BEGIN DATA TO PROCESS

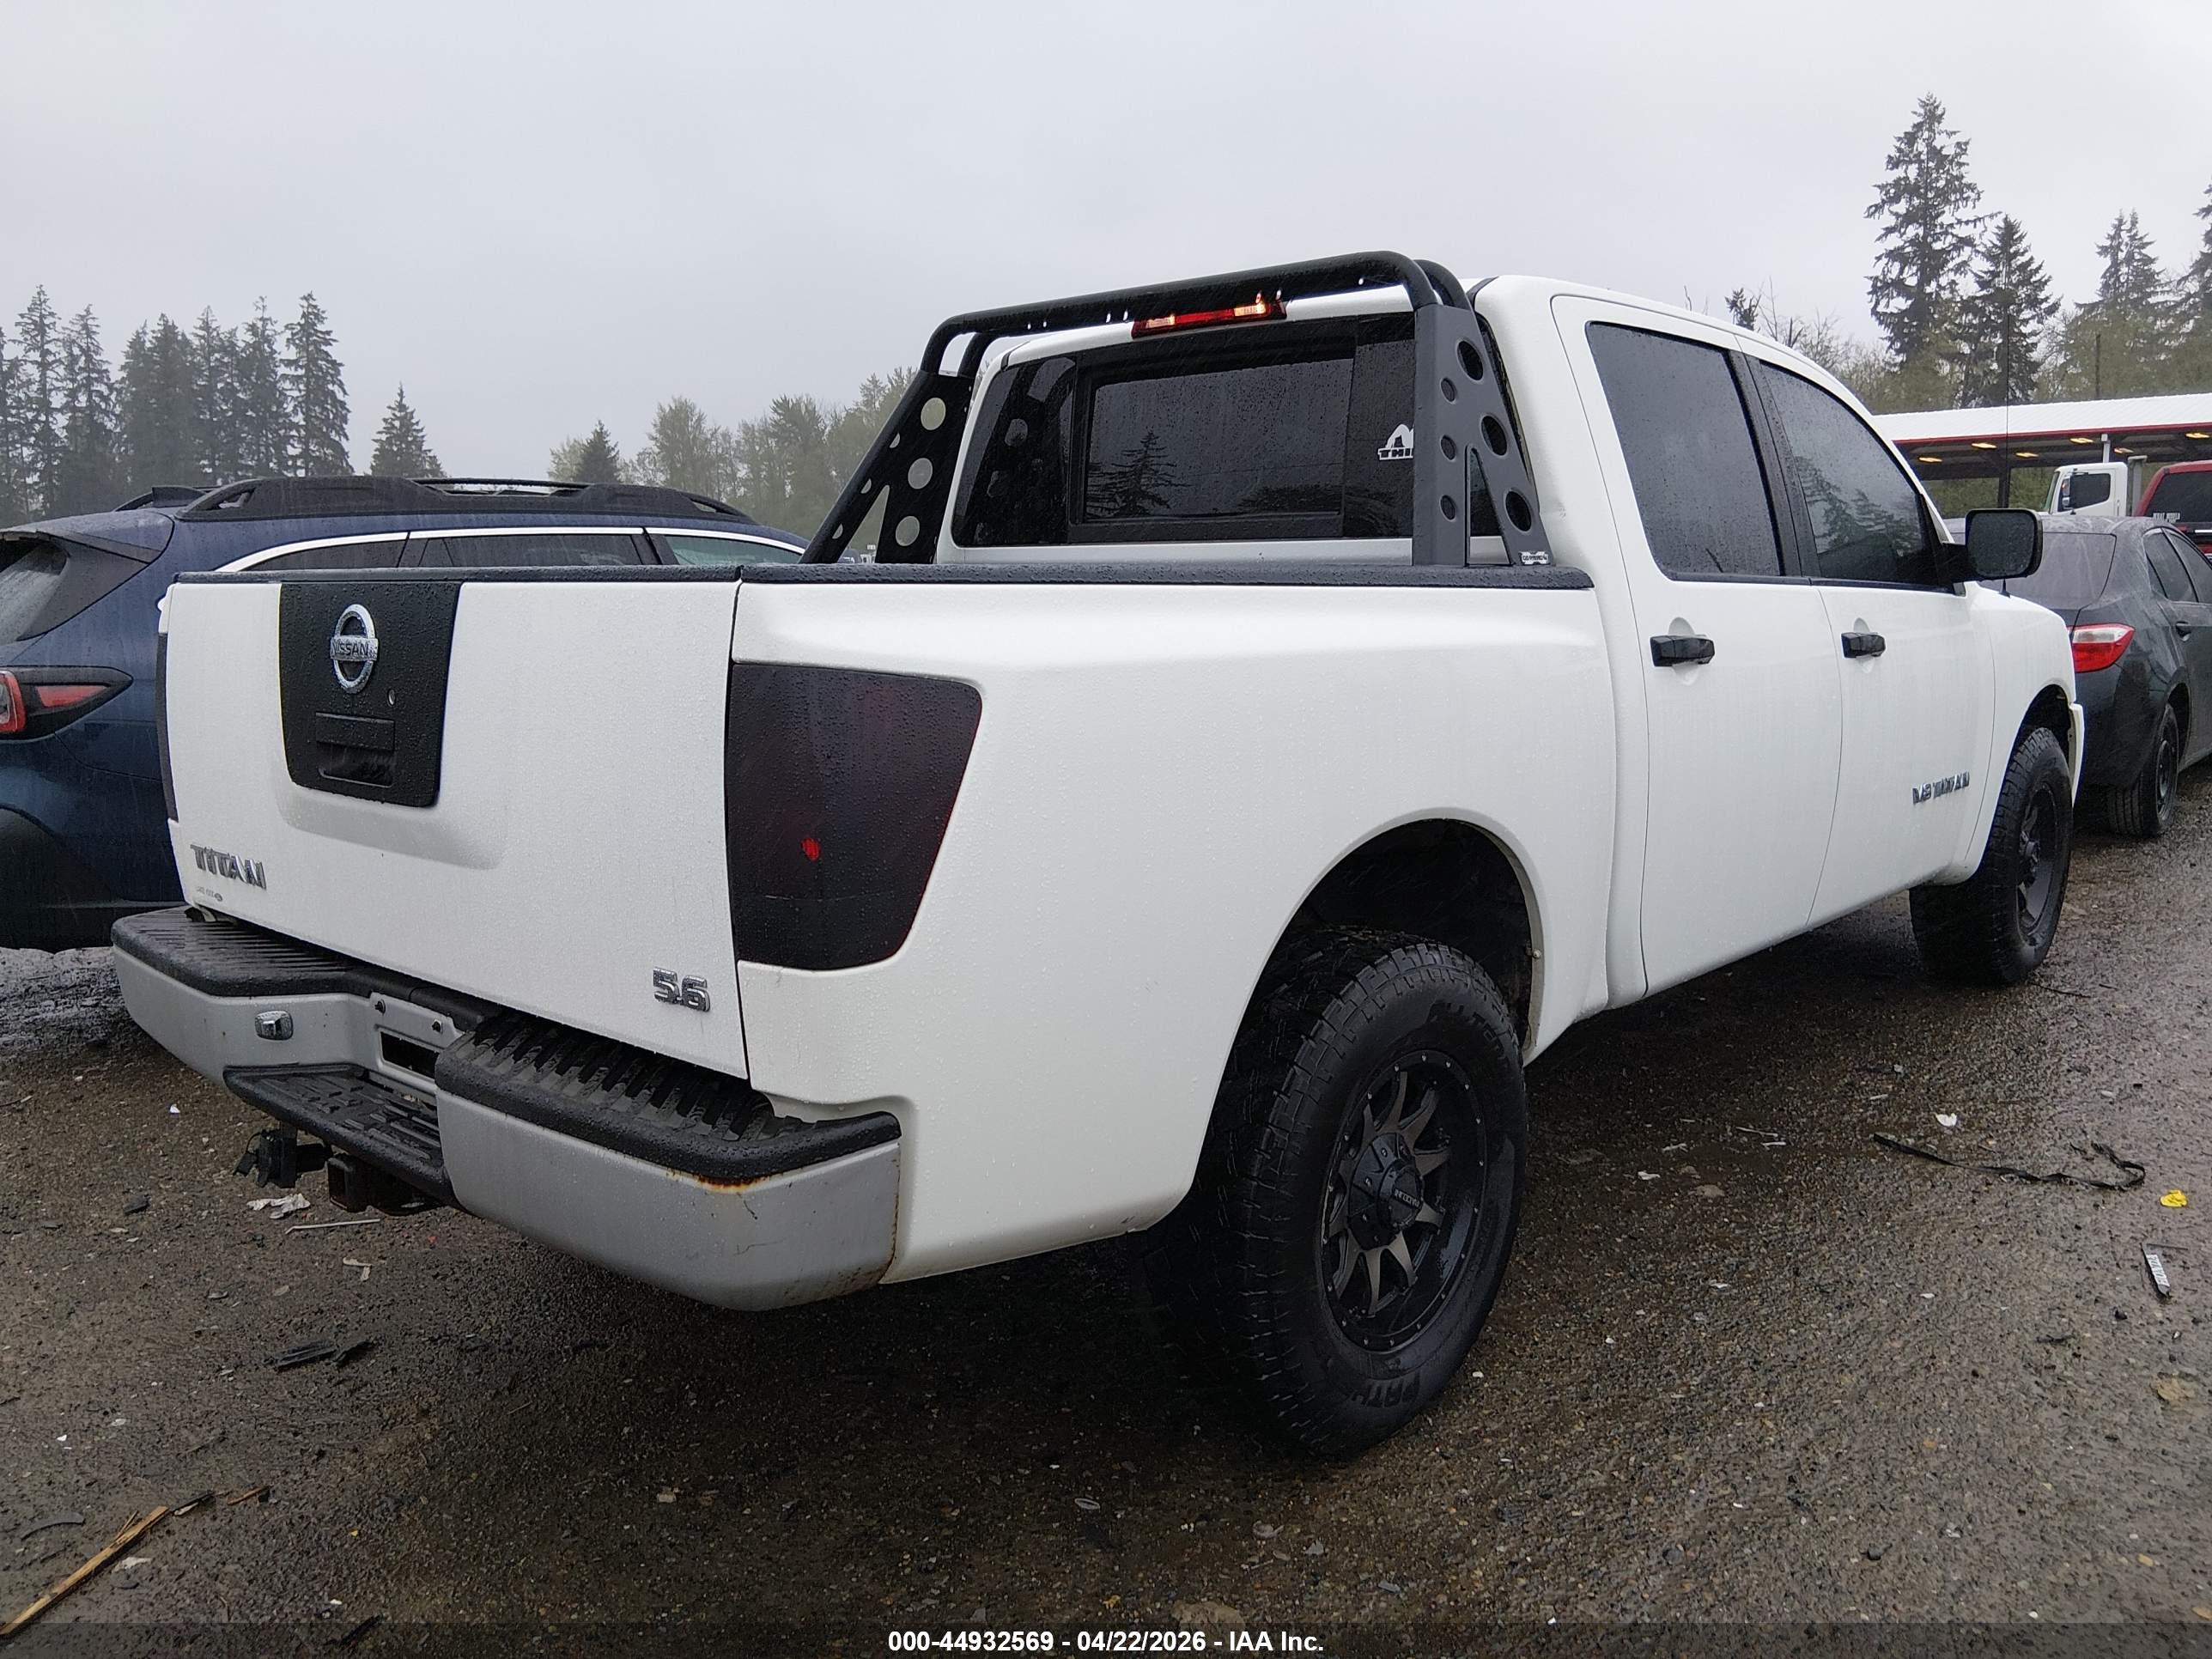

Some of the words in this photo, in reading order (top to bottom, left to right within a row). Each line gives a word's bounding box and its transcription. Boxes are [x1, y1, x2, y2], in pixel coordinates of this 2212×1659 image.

[1377, 447, 1413, 460] THI
[331, 638, 368, 657] NISSAN
[190, 843, 267, 890] TITAN
[653, 966, 711, 1013] 5.6
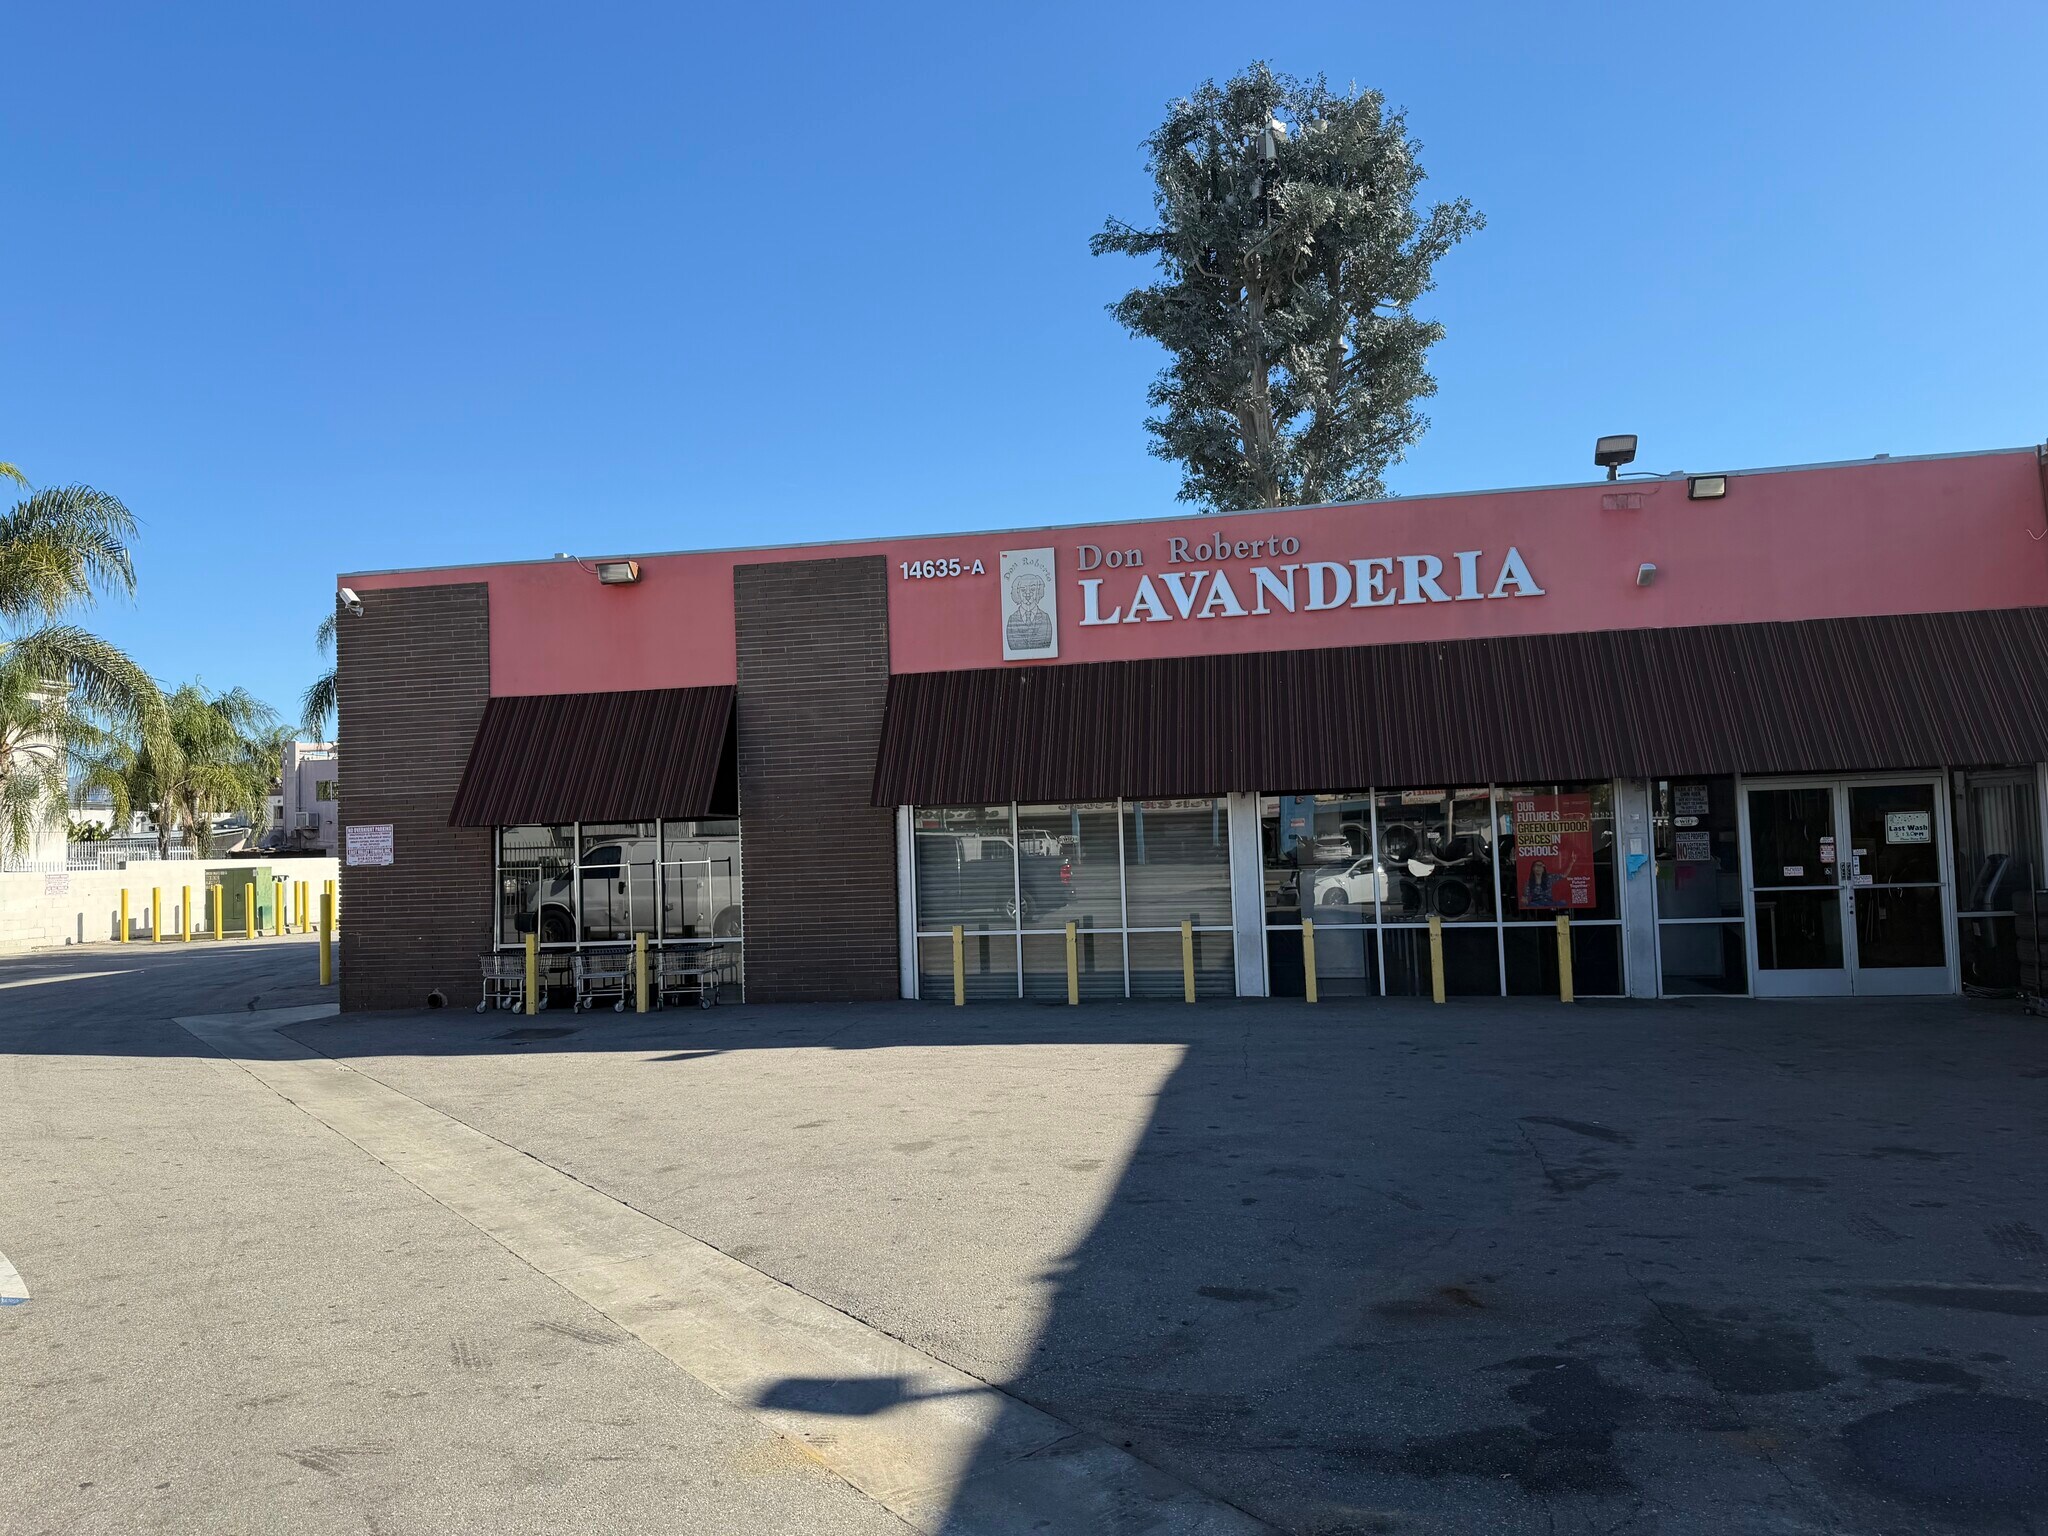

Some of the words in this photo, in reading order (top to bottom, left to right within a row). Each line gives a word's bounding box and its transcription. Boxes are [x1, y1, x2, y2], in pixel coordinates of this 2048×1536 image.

[1077, 545, 1143, 571] Don
[1168, 532, 1300, 563] Roberto
[900, 558, 985, 579] 14635-A
[1078, 547, 1546, 627] LAVANDERIA
[1517, 801, 1535, 812] OUR
[1517, 811, 1550, 822] FUTURE
[1551, 810, 1560, 821] IS
[1517, 823, 1546, 833] GREEN
[1547, 821, 1588, 832] OUTDOOR
[1518, 834, 1550, 845] SPACES
[1551, 834, 1561, 844] IN
[1519, 845, 1559, 857] SCHOOLS
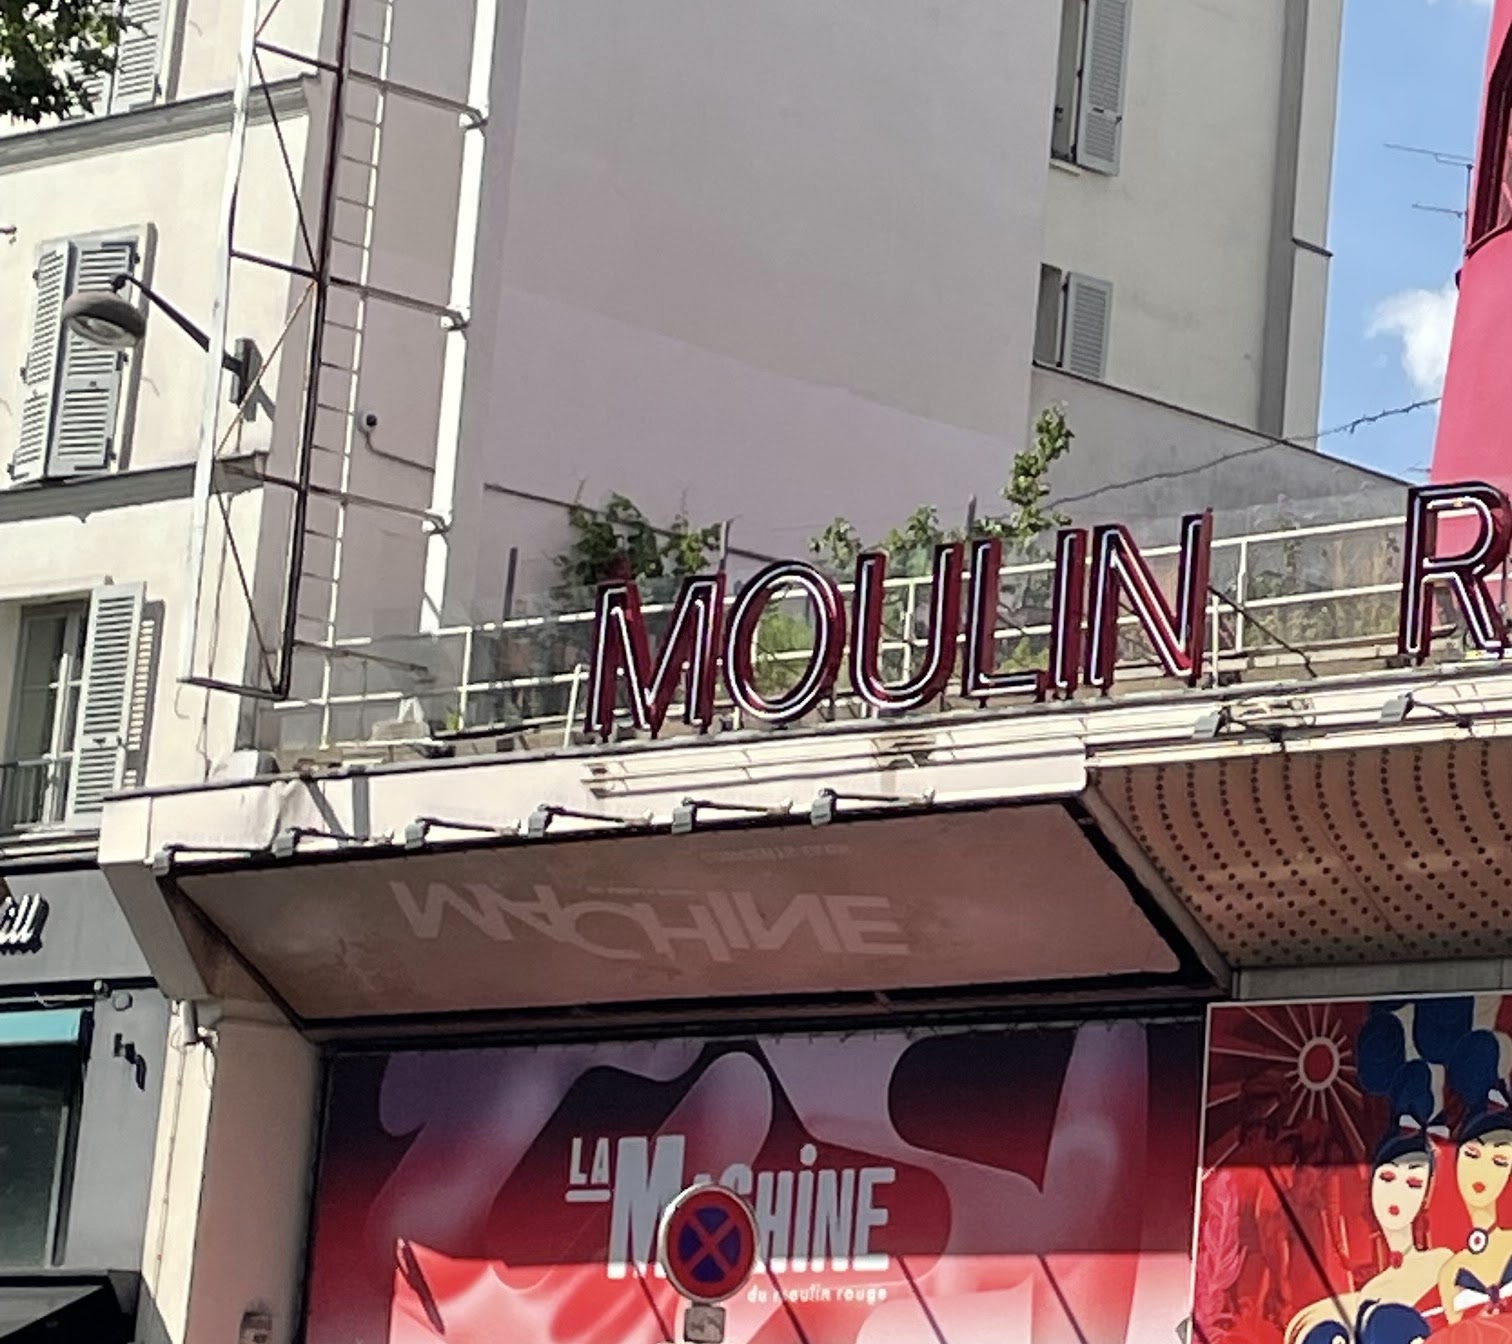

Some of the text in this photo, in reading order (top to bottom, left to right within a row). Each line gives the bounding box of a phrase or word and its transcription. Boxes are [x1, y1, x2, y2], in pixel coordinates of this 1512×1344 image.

END DATA TO PROCESS

The lines from the one containing "this 2048×1536 image." to the last line of the records, both included: print exactly those and nothing else, leaving out any pictures.

Some of the words in this photo, in reading order (top to bottom, left to right within a row). Each line gives a word's bounding box and its transcription. Boxes are [x1, y1, x2, y2], in pixel coordinates of this 2048×1536 image.

[1077, 545, 1143, 571] Don
[1168, 532, 1300, 563] Roberto
[900, 558, 985, 579] 14635-A
[1078, 547, 1546, 627] LAVANDERIA
[1517, 801, 1535, 812] OUR
[1517, 811, 1550, 822] FUTURE
[1551, 810, 1560, 821] IS
[1517, 823, 1546, 833] GREEN
[1547, 821, 1588, 832] OUTDOOR
[1518, 834, 1550, 845] SPACES
[1551, 834, 1561, 844] IN
[1519, 845, 1559, 857] SCHOOLS

Some of the text in this photo, in reading order (top to bottom, left to right within a row). Each line gives the bounding box of a phrase or word and its transcription. Boxes are [x1, y1, x2, y2], in pixel coordinates of this 1512×1344 image.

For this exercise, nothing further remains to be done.